Shelli Jones, lat 33, przyjechała z Joplin w stanie Missouri, aby wziąć udział w proteście odbywającym się przed drzwiami wejściowymi Monsanto. Nienawidzi faktu, że Monsanto – które może pochwalić się wątpliwym wyróżnieniem jako twórca zawierającego dioksyny środka defoliującego Agent Orange, który został rozpylony na terenach wiejskich Wietnamu Południowego podczas wojny w Wietnamie, zarażając miejscową ludność i amerykańskich żołnierzy – coraz bardziej utrudnia ludziom pracy pracę żyj i odżywiaj się zdrowo. Krytykuje Monsanto i system kapitalizmu korporacyjnego, który zagraża przeciętnym obywatelom, których nie zawsze stać na żywność ekologiczną i nie mają czasu na uprawę całej własnej żywności, aby zapewnić rodzinie posiłki wolne od GMO.
„Mam bony żywnościowe i nie mogę jeść dobrego jedzenia? Bzdury!” powiedziała.
Jones rano odwozi syna do szkoły, idzie do pracy, biegnie w porze lunchu, odbiera syna po szkole, wieczorem idzie do pracy, a po powrocie do domu zajmuje się pracami w ogrodzie. Pomimo napiętego harmonogramu uznała za konieczne zaprotestować przeciwko niewytłumaczalnej prywatnej kontroli, jaką sprawuje Monsanto, i miała nadzieję pomóc w informowaniu opinii publicznej o tym, co się dzieje.
Jones pojawił się w noc poprzedzającą wydarzenie na przyjęciu, na którym robiono szyldy, kolacji bez GMO i obozie na farmie Carondelet Garden Urban Farm w South St. Louis.
„Śpisz w namiocie w przypadkowym ogrodzie?” – zapytała retorycznie. "Jasne, czemu nie?"
Mark Brown, wieloletni działacz i organizator, zaprosił poprzedniego wieczoru tych, którzy planowali demonstrację 25 maja, do ogrodu miejskiego. Dzień wcześniej idąc boso po ogrodzie, a następnie podczas marszu z miejsca zbiórki w Stacy Park do siedziby Monsanto i pozostając bez butów przez całą demonstrację, Brown również prawie stracił głos, stojąc przed wejściem na teren firmy, gromadząc protestujących i podnosząc protesty duchy, gdy spadł deszcz.
Brown powiedział, że ludzie „nie będą tolerować”, gdy garstka osób decyduje o tym, kto na świecie może jeść, a kto nie i kto ma dostęp do bezpiecznych nasion, a kto nie.
„Nasiona są naszym prawem z urodzenia” – powiedział. „Dali nam je nasi przodkowie. Nikt nie ma prawa kontrolować nasion”.
Powtarzając zdanie Browna, Lisa Wolfrey, kolejna zaniepokojona obywatelka, która pojawiła się wraz z córką na wiecu dotyczącym robienia znaków w Carondelet Garden, następnego dnia udała się do Stacy Park, przeszła półtorej mili do posiadłości Monsanto i zaprotestowała, wywieszając tablicę z napisem „ Save Seeds” namalowany dużymi czerwonymi literami na brązowej, ziemistej tkaninie.
Wolfrey gardzi tym, co, podobnie jak autorka Vandana Shiva, uważa za „nasiona oszustwa” i wierzy, że coś jest zasadniczo nie tak, gdy: „Nie możesz wejść do sklepu bez zatrucia”.
Ponieważ Monsanto „całkowicie monopolizuje rynek nasion”, wie, że wkrótce ludzie „nie będą już mieli zdrowych, niezanieczyszczonych nasion” dostępnych w przystępnej cenie. Wolfrey wplątuje Monsanto w coś, co analityk systemów światowych Andre Gunder Frank nazwał „Niedorozwój Rozwoju."

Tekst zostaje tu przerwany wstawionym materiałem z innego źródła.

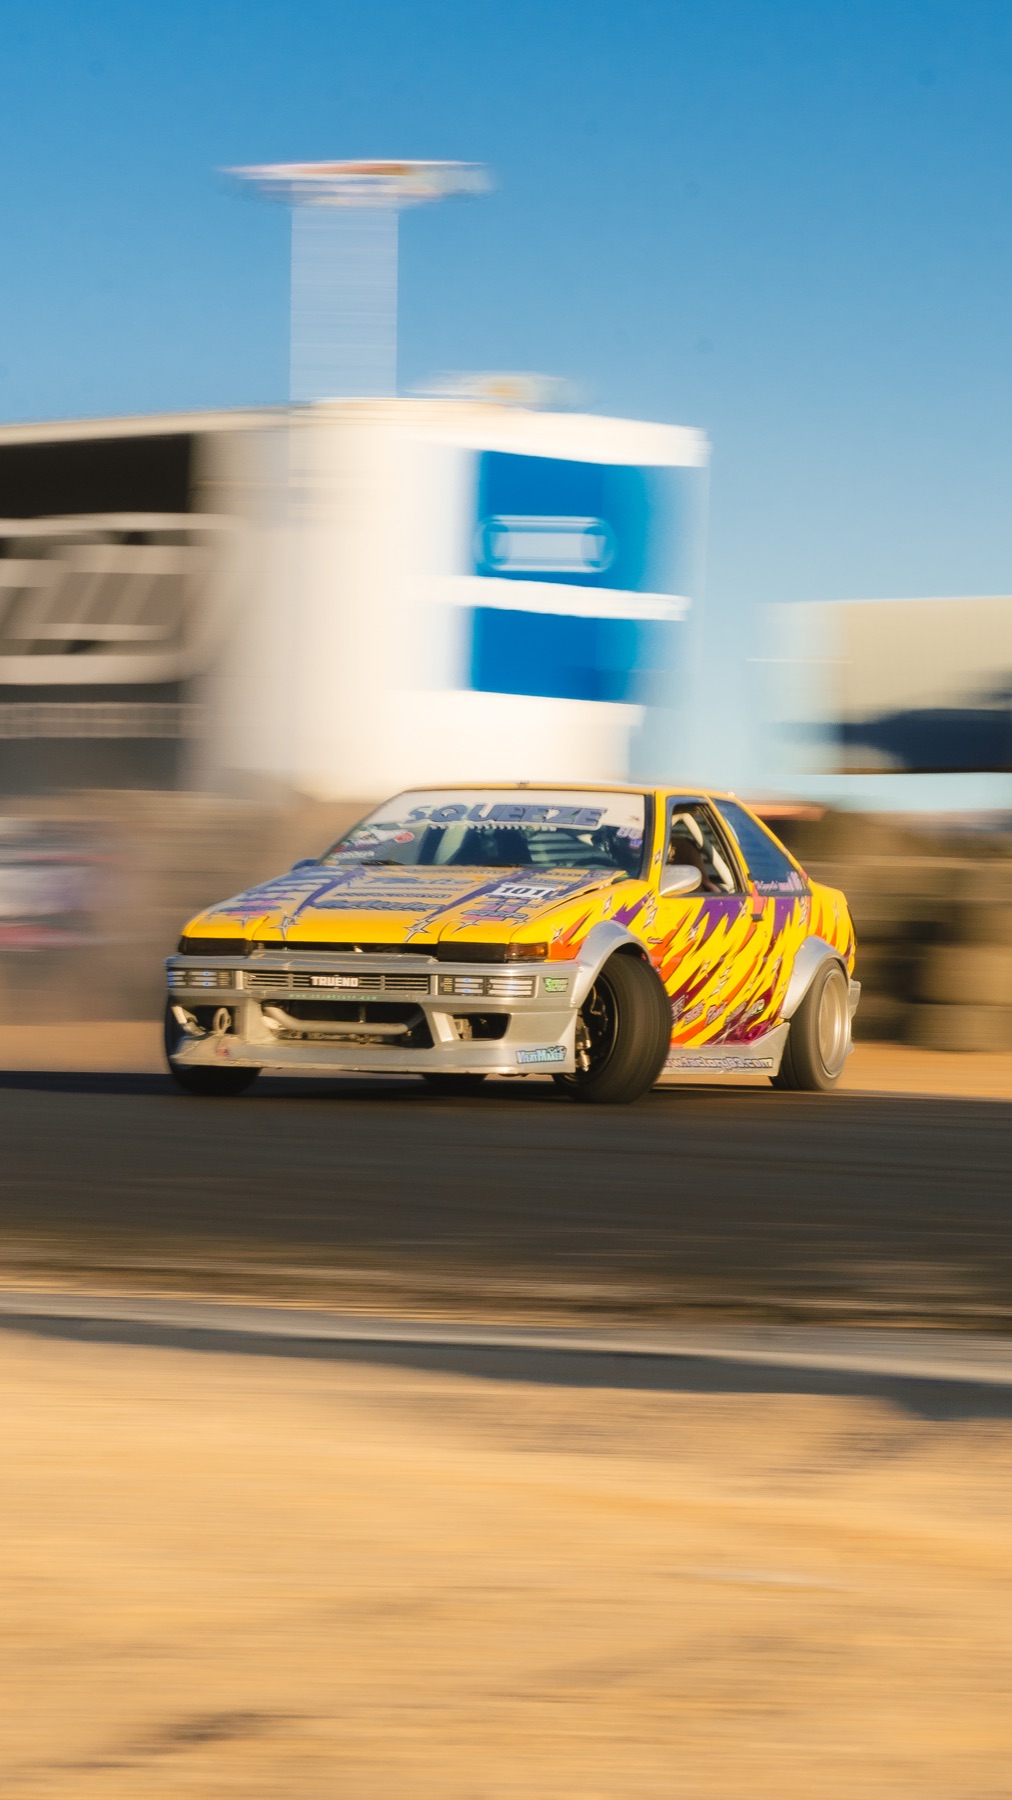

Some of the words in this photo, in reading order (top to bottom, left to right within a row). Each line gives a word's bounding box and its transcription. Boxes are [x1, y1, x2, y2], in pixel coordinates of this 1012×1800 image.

[405, 804, 606, 827] SQUEEZE
[500, 886, 547, 896] 101
[311, 976, 359, 987] TRUENO
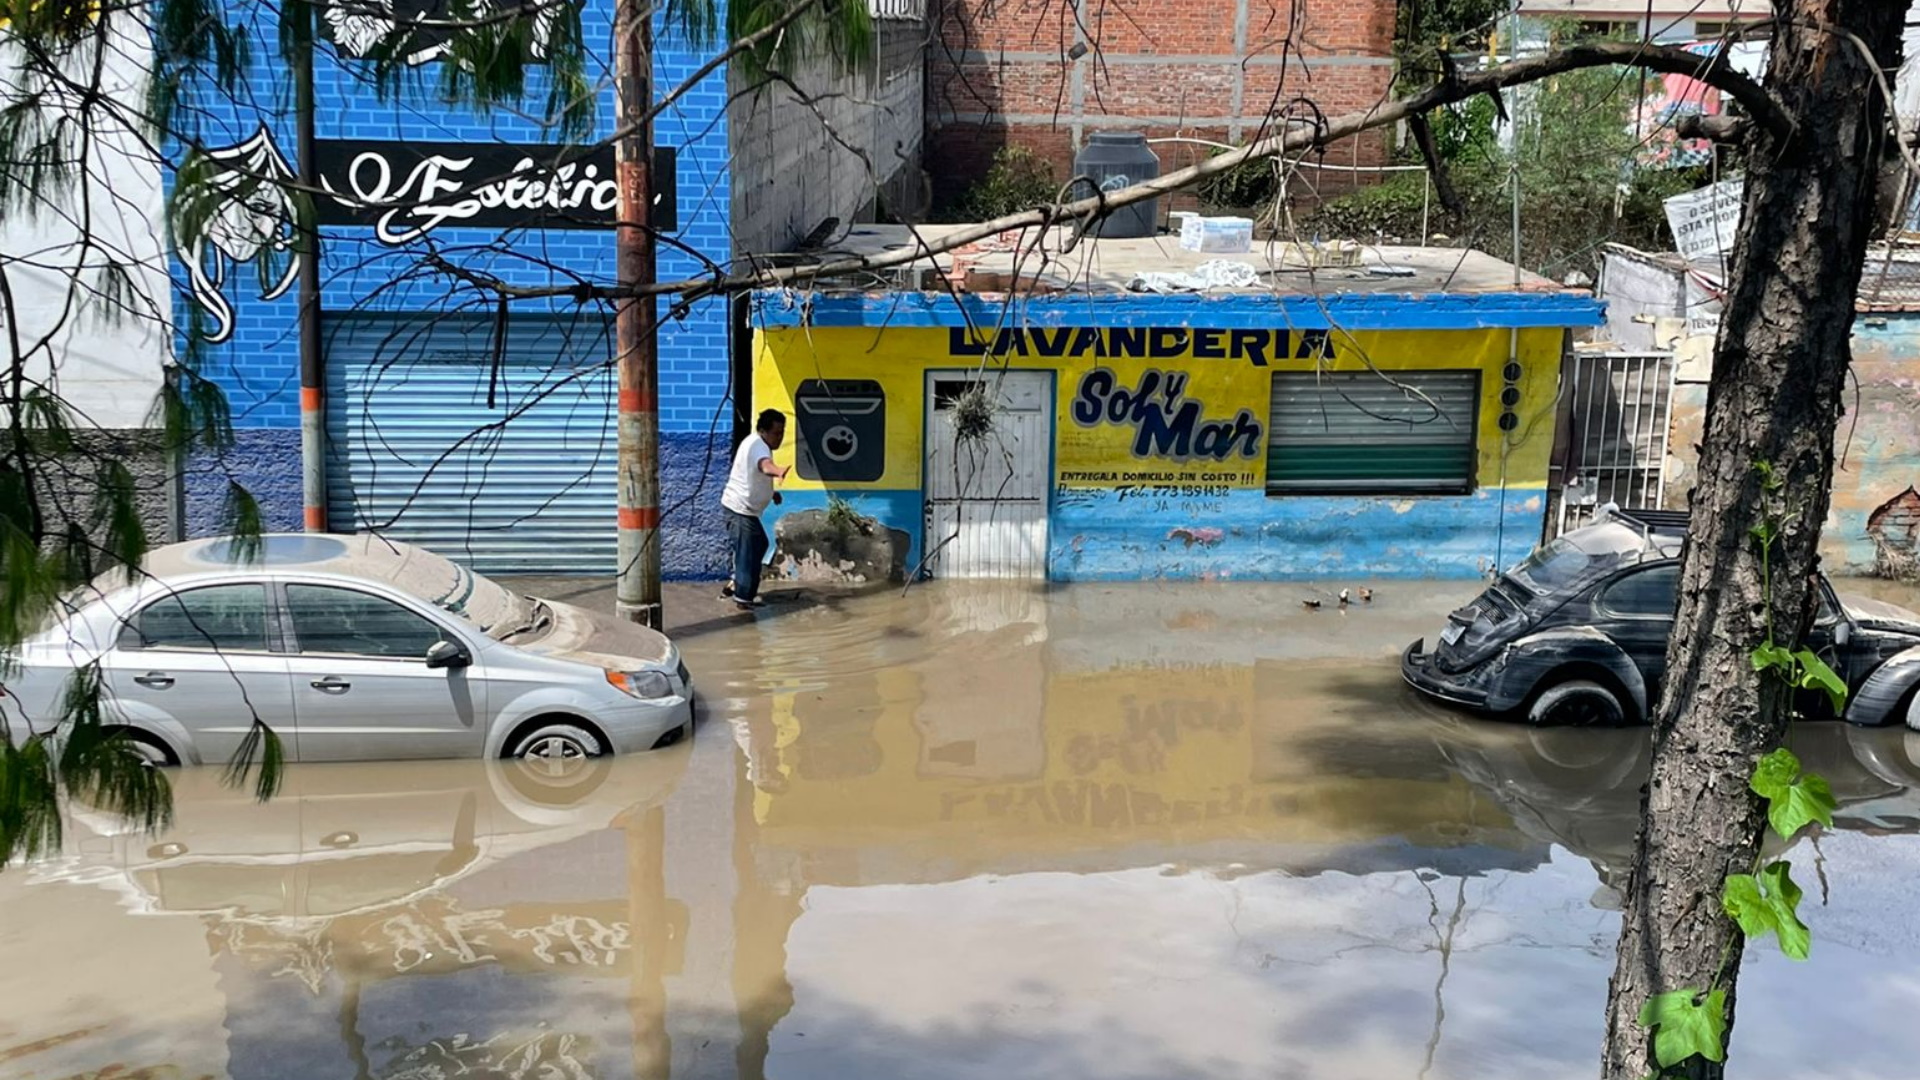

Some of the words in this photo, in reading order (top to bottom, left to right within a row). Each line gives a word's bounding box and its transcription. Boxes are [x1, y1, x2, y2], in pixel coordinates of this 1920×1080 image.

„Jedności jest teraz wystarczająco dużo, aby wyżywić świat” – stwierdziła. Jednak niekontrolowana kontrola korporacji nad systemem żywnościowym – wbrew powszechnemu przekonaniu – w rzeczywistości przyczynia się do głodu na świecie – wyjaśniła. Co więcej, ci, którzy jedzą, zwykle nie odżywiają się dobrze. Zarówno ona, jak i jej córka cierpiały na problemy zdrowotne, które zaczęły ustępować dopiero po wyeliminowaniu z diety całej żywności zawierającej GMO.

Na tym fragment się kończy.